SURABAYA (global-news.co.id) –  Sinergi dan kolaborasi terus dilakukan Perum Jasa Tirta (PJT) I sebagai upaya menjaga Sumber Daya Air. Kali ini PJT I bersama dengan PT Pertamina (Persero) Refinery Unit IV melakukan konservasi di area Wilayah Sungai (WS) Serayu Bogowonto.

Kegiatan ini merupakan agenda kerjasama kedua belah pihak pada tahun 2022 dan sebagai bentuk pelayanan manfaat langsung atas pembayaran Biaya Jasa Pengelolaan Sumber Daya Air (BJPSDA) oleh PT Pertamina (Persero) RU IV untuk penggunaan air Sungai Donan di tahun 2022.

Program pengelolaan sumber daya air tersebut dilaksanakan berupa penanaman 50.000 batang tanaman mangrove.

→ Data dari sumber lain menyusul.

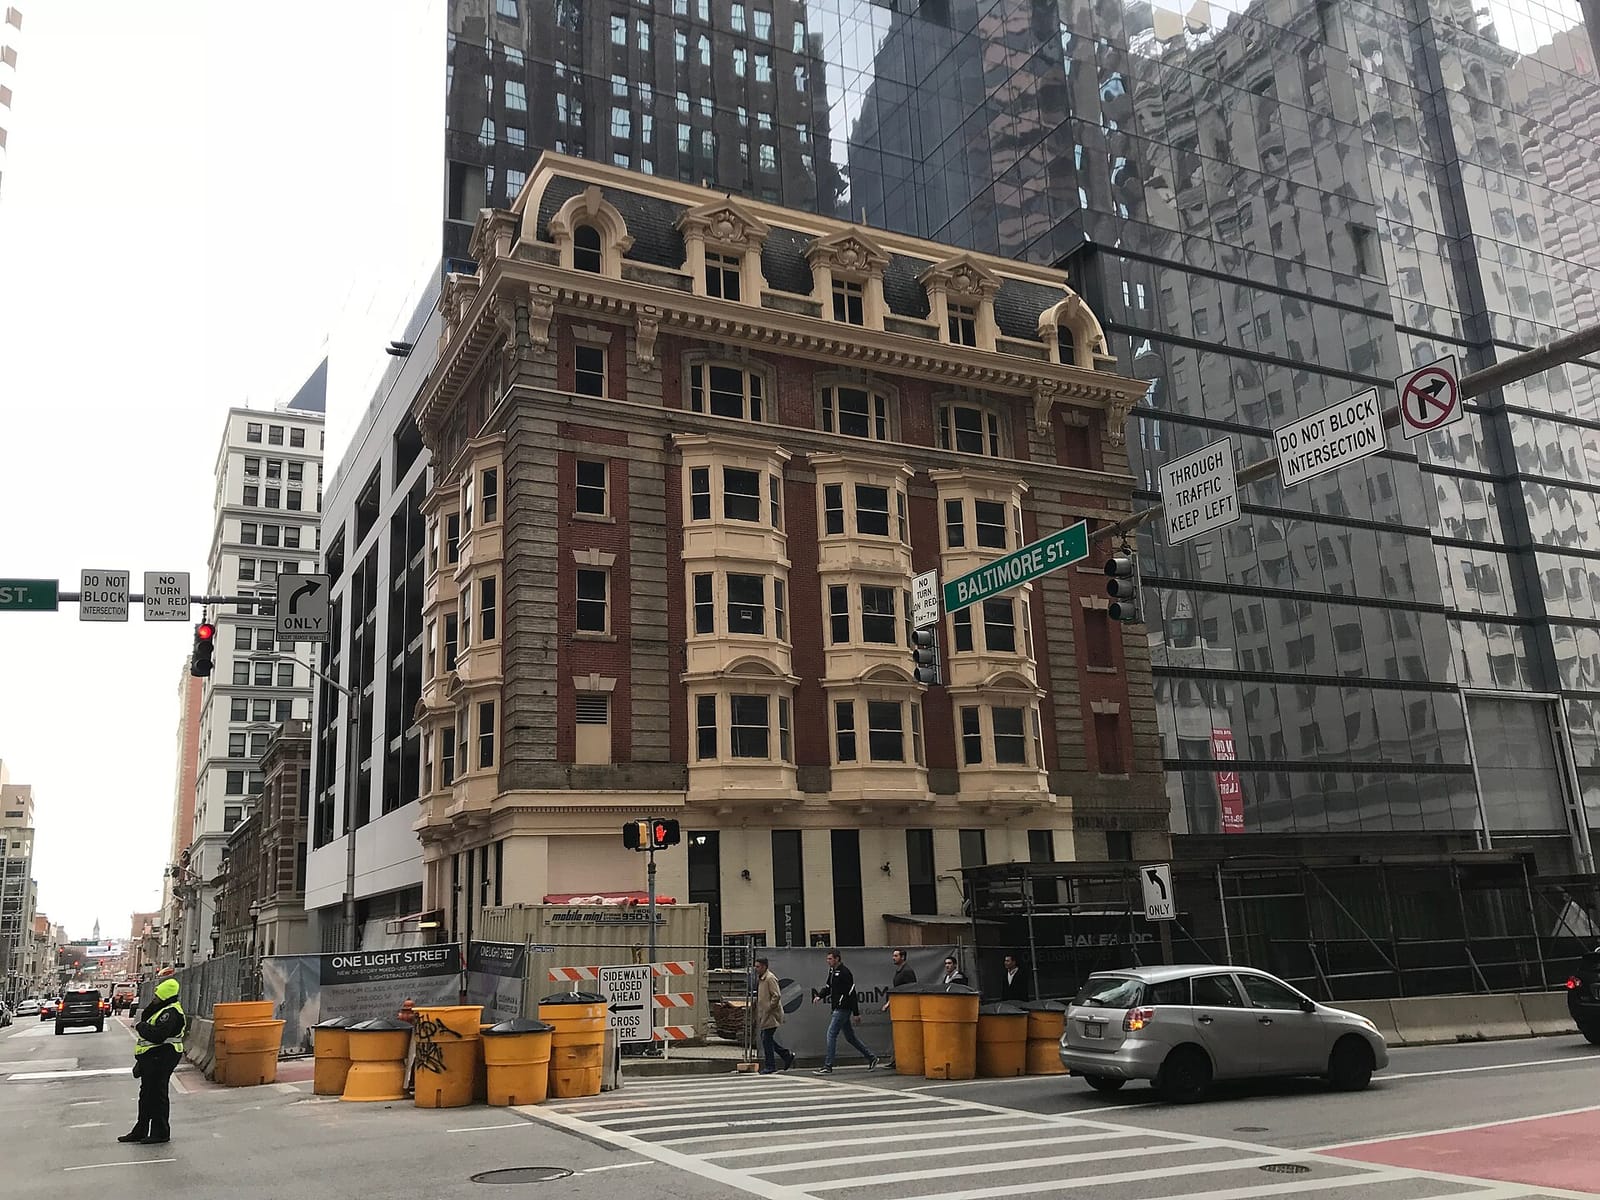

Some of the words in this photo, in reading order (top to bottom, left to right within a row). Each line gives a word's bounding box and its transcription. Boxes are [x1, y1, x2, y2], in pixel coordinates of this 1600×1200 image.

[1280, 432, 1298, 452] DO
[1302, 419, 1327, 444] NOT
[1330, 399, 1375, 432] BLOCK
[1287, 426, 1377, 476] INTERSECTION
[1169, 451, 1224, 487] THROUGH
[1175, 476, 1222, 508] TRAFFIC
[1170, 507, 1200, 533] KEEP
[1205, 495, 1233, 520] LEFT
[957, 548, 1044, 602] BALTIMORE
[1047, 540, 1070, 562] ST.
[84, 575, 100, 587] DO
[105, 576, 127, 588] NOT
[159, 576, 176, 585] NO
[918, 578, 928, 588] NO
[0, 587, 33, 603] ST.
[84, 591, 126, 603] BLOCK
[154, 587, 181, 596] TURN
[917, 588, 931, 599] TURN
[146, 597, 162, 606] ON
[167, 597, 188, 606] RED
[923, 597, 937, 609] RED
[82, 606, 126, 616] INTERSECTION
[284, 617, 322, 629] ONLY
[552, 909, 582, 921] mobile
[583, 911, 603, 921] mini
[1149, 903, 1170, 916] ONLY
[332, 956, 362, 969] ONE
[364, 952, 401, 966] LIGHT
[404, 949, 450, 964] STREET
[408, 962, 445, 971] DEVELOPMENT
[603, 969, 648, 982] SIDEWALK
[608, 980, 642, 992] CLOSED
[610, 991, 641, 1002] AHEAD
[610, 1015, 640, 1027] CROSS
[620, 1027, 637, 1038] ERE
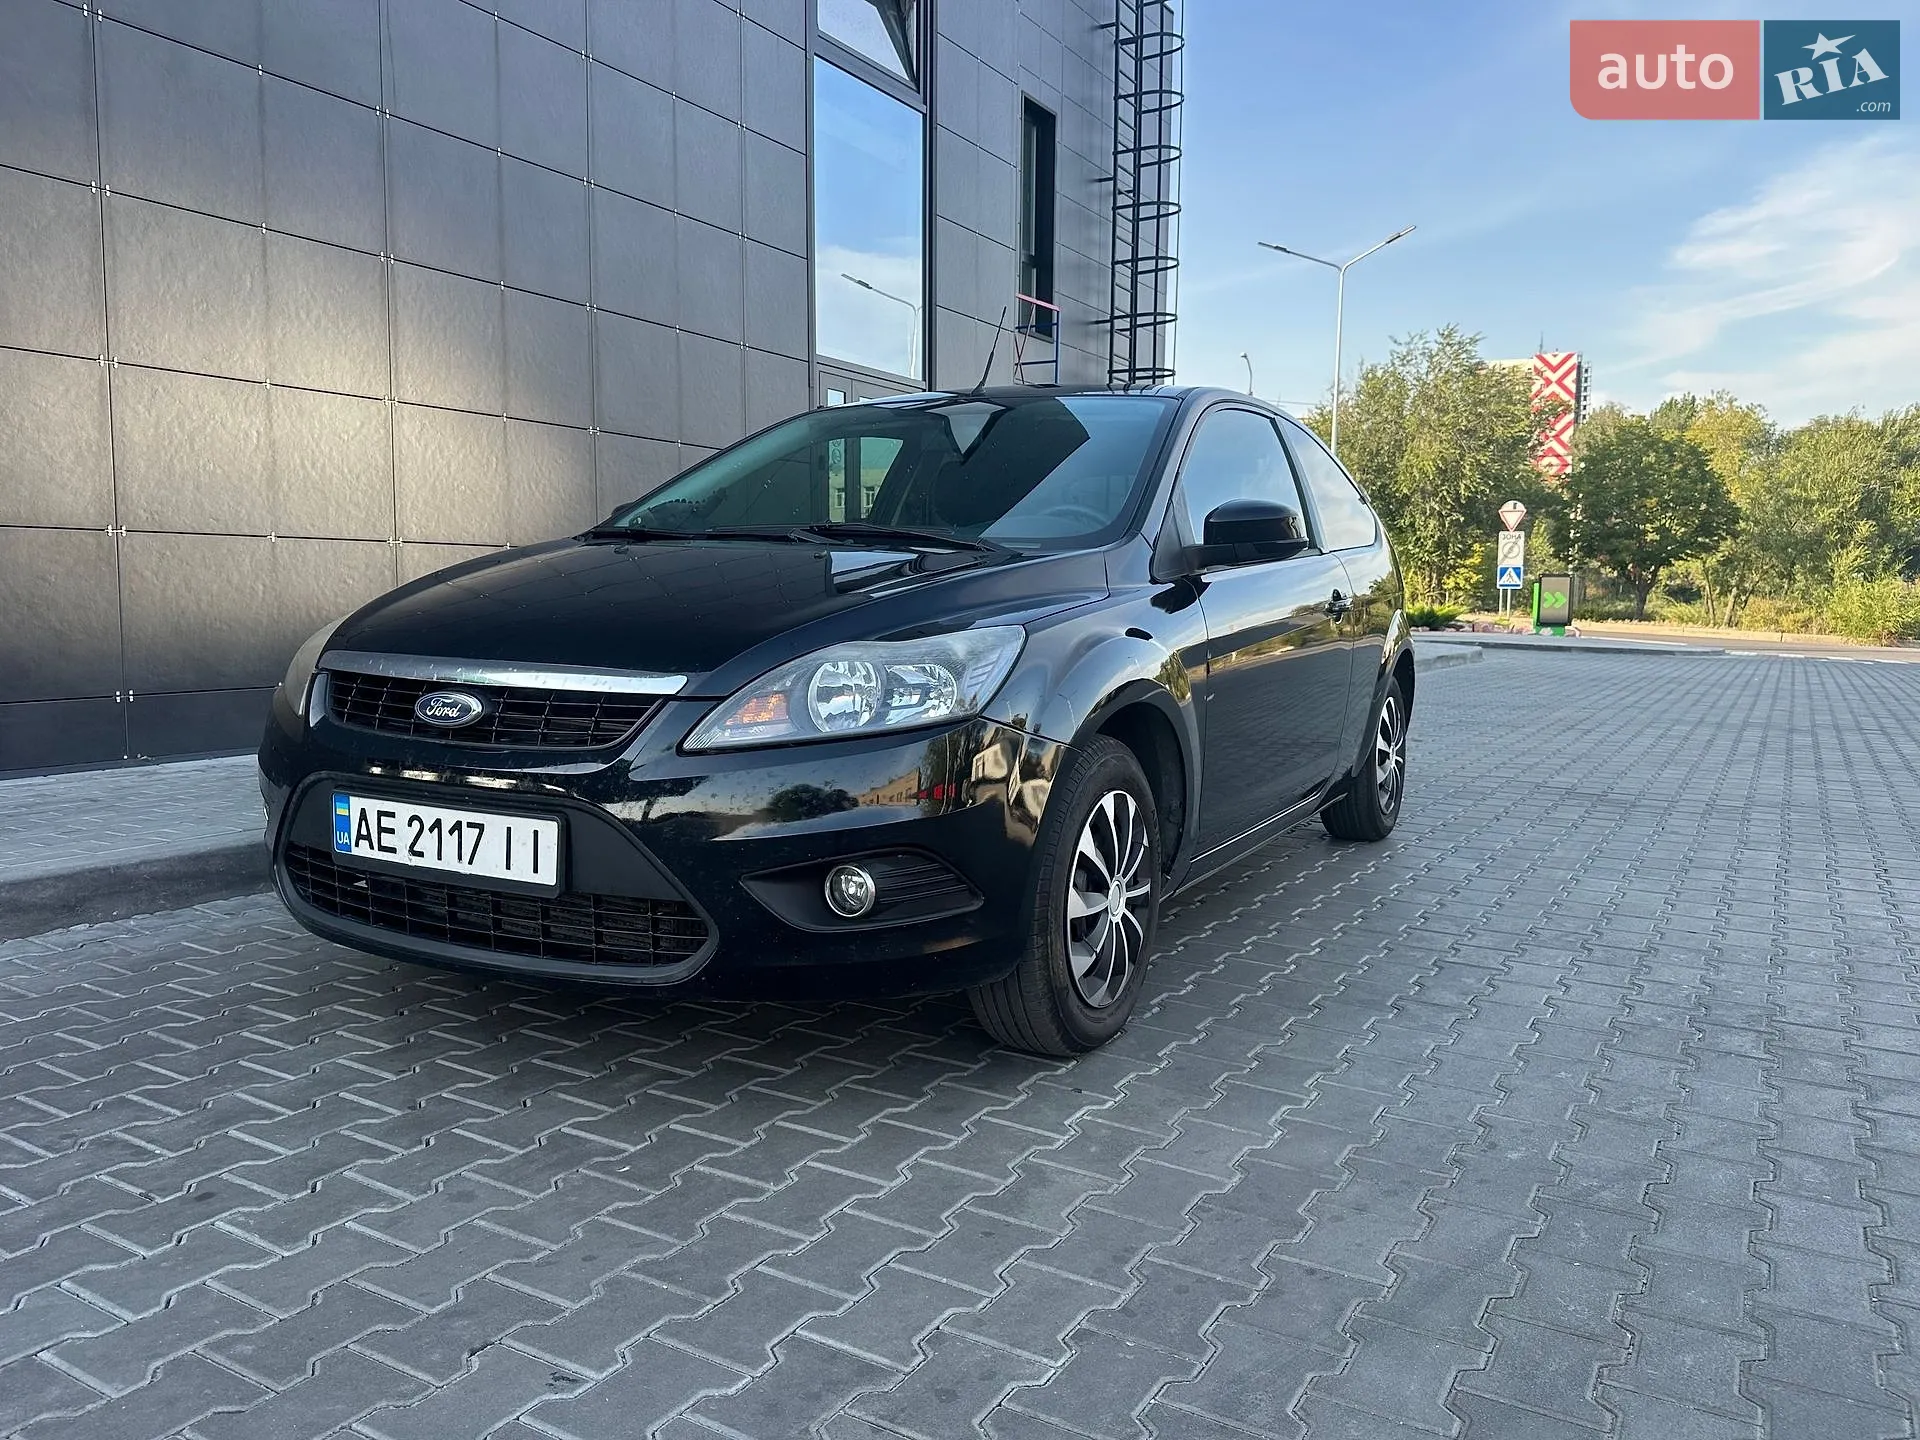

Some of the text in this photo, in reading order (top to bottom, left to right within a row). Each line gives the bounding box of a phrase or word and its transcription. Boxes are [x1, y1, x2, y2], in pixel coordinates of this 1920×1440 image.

Direktur Operasional PJT I, Milfan Rantawi, menyampaikan, kegiatan ini menjadi kegiatan rutin yang dilakukan perusahaan. Tujuannya melestarikan sumber daya air yang ada di WS Serayu Bogowonto, sehingga air dapat terus mengalir secara berkelanjutan.

“Penanaman mangrove ini telah berjalan selama 3 tahun berturut-turut. Dan tentunya diharapkan dapat terus terprogram ke depannya,” kata Milfan, Kamis (28/4).

Namun, ia mengatakan ada sedikit perubahan dari tahun lalu. Jika sebelumnya tanaman yang digunakan untuk kegiatan konservasi adalah campuran dari tanaman keras dan mangrove, tahun ini hanya menggunakan tanaman mangrove.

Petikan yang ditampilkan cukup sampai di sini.